Things may be changing. Iraq’s deputy prime minister, Barham Salih, said in April that Iraq’s total reserves, could be as high as 350 billion barrels, triple the 115 billion that has been its officially stated level for many years. The figure is aspirational and should be treated carefully but, given that there has been barely any new exploration of Iraq’s promising geology in 30 years, an upward revision of the official reserves figure seems long overdue. This underlines Iraq’s uniquely large reserves-to-production (RP) ratio, which was already the world’s highest and, based on Salih’s estimate and at the expected production level of 2.3 million bpd in 2008, would stand at a remarkable 415 years (compared with a world average of about 40 years). If Iraq were able to achieve the average Middle East RP-ratio of 80 years then it would be pumping 4 million bpd based on the current reserves, and 12 million bpd based on Salih’s estimate. Getting there would take some time, around five years for 4 million bpd and probably more than 20 years for the most optimistic level. It would also require Iraq to achieve a sufficient degree of stability. However, if there are promising signs of progress over the next 18 months, then it might be enough to mitigate fears of shortages next decade and dampen the futures market.
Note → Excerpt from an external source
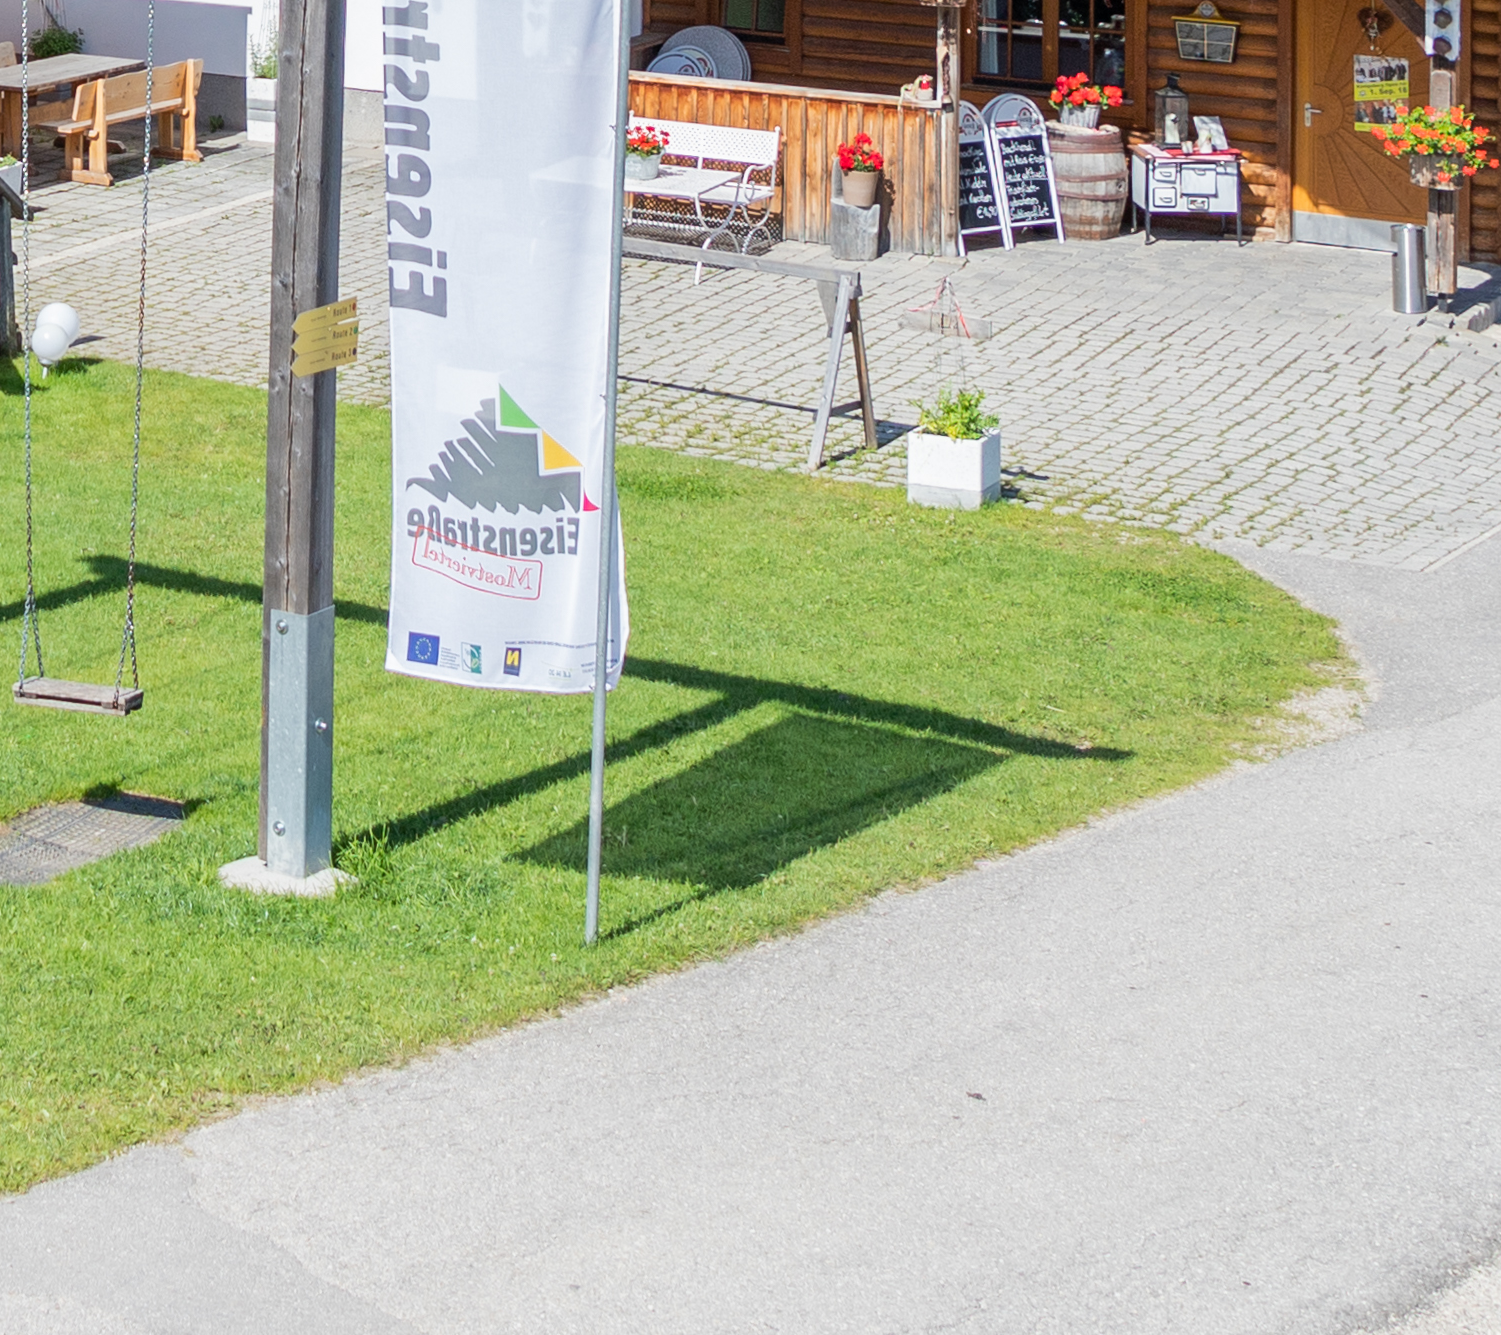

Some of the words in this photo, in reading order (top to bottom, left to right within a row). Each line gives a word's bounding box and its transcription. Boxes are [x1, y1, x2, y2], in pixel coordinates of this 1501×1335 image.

------------------Fair share
The issue on which everything hinges is the basis on which Iraq’s oil will be developed. Although at its height in the 1970s, Iraq’s national oil industry would have had the capacity to implement a significant part of the exploration and development needed, it has been severely eroded since then. Therefore, it is widely recognized that foreign expertise will be needed, but Iraqis are split on two important issues which have so far held back progress. The first is whether the development and operation of the oil sector will be managed entirely from Baghdad or also at a regional level, particularly in the Kurdish region. The second is the terms under which international oil companies (IOCs) will be invited to participate. In particular, the idea of production-sharing contracts (PSCs) has aroused such considerable opposition — from parliamentarians and oil workers’ unions who believe that Iraq should fund the development itself (particularly now that there is a large budget surplus) — that the government has apparently backtracked. These controversies have blocked the ratification in parliament of a national hydrocarbons law which was first approved by the cabinet in February 2007. Although no draft has so far emerged that elicits a majority of support, it may yet pass this summer as part of a bundle of laws.